When writing out the entries below, keep only the lines from the line with "this 1600×1066 image." to the line with "this 1920×1280 image.", both included, exactly as they are, and leave the pictures aside.
=== RECORDS SUPPLIED ===
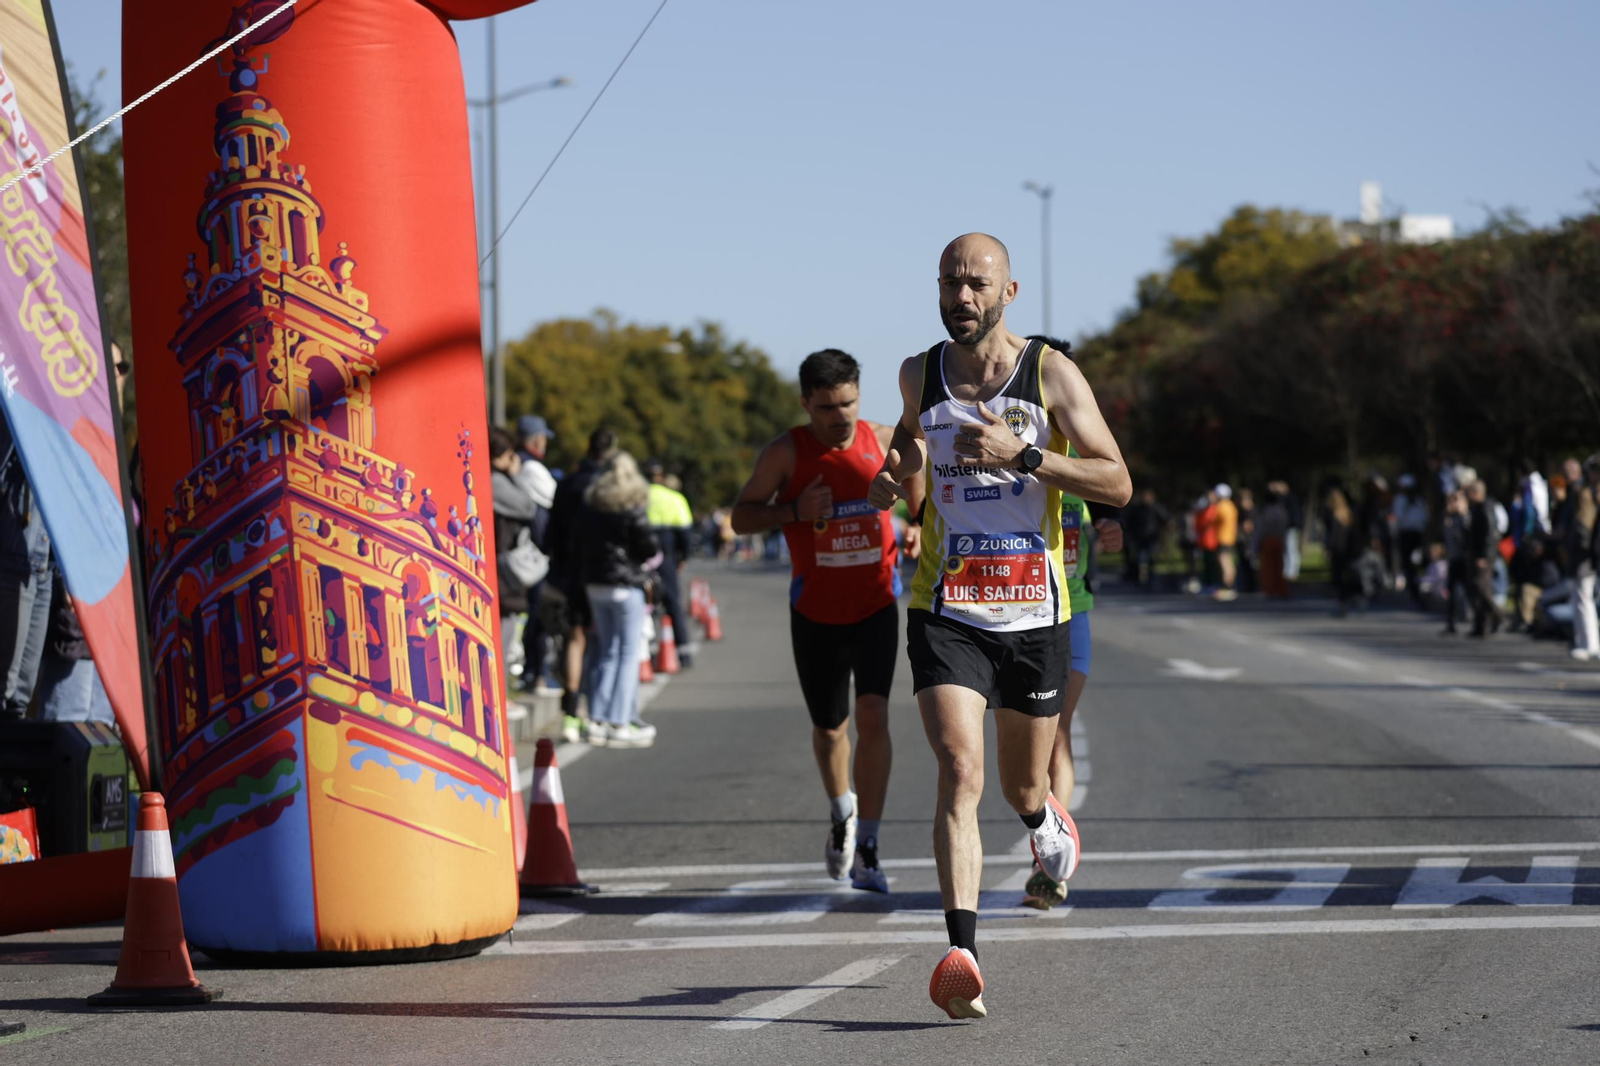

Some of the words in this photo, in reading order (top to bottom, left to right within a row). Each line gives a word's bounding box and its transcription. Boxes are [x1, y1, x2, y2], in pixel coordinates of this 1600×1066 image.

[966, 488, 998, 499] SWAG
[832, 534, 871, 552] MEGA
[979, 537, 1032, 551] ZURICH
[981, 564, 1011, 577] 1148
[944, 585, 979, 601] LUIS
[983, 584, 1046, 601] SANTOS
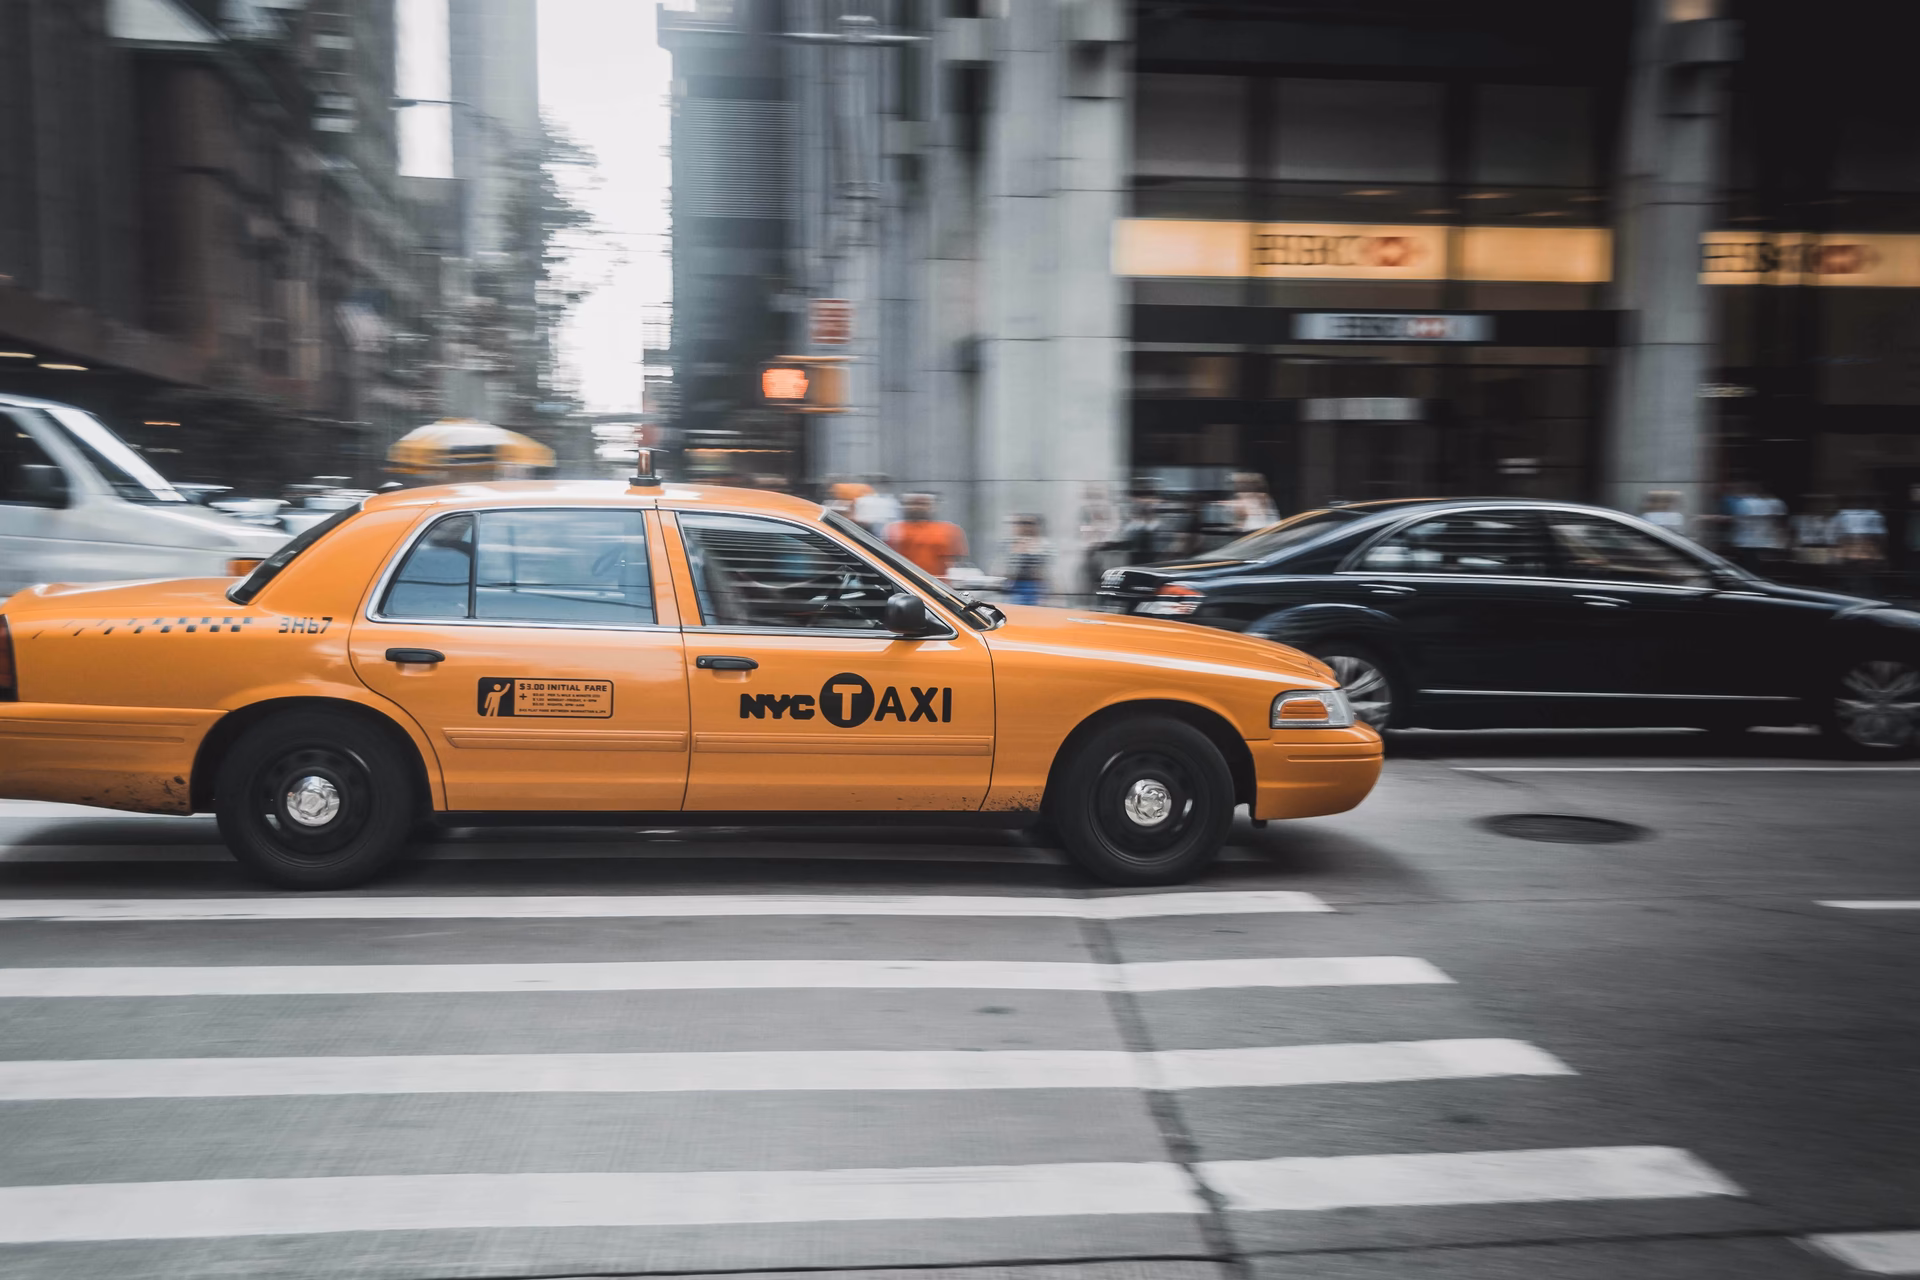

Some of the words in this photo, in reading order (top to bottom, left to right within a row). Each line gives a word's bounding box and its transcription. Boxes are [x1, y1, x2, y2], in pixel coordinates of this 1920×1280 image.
===
=== RECORDS SUPPLIED ===
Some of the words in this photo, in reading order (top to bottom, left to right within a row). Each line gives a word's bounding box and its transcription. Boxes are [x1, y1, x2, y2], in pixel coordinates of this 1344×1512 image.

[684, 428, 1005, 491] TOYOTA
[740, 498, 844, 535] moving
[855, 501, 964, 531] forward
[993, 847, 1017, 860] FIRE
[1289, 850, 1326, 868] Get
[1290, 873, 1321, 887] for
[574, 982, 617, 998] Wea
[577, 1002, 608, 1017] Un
===
PROBLEM SOLUTION:
Some of the words in this photo, in reading order (top to bottom, left to right within a row). Each line gives a word's bounding box and its transcription. Boxes are [x1, y1, x2, y2], in pixel coordinates of this 1600×1066 image.

[966, 488, 998, 499] SWAG
[832, 534, 871, 552] MEGA
[979, 537, 1032, 551] ZURICH
[981, 564, 1011, 577] 1148
[944, 585, 979, 601] LUIS
[983, 584, 1046, 601] SANTOS

Some of the words in this photo, in reading order (top to bottom, left to right within a row). Each line gives a word's bounding box and its transcription. Boxes are [x1, y1, x2, y2], in pixel coordinates of this 1920×1280 image.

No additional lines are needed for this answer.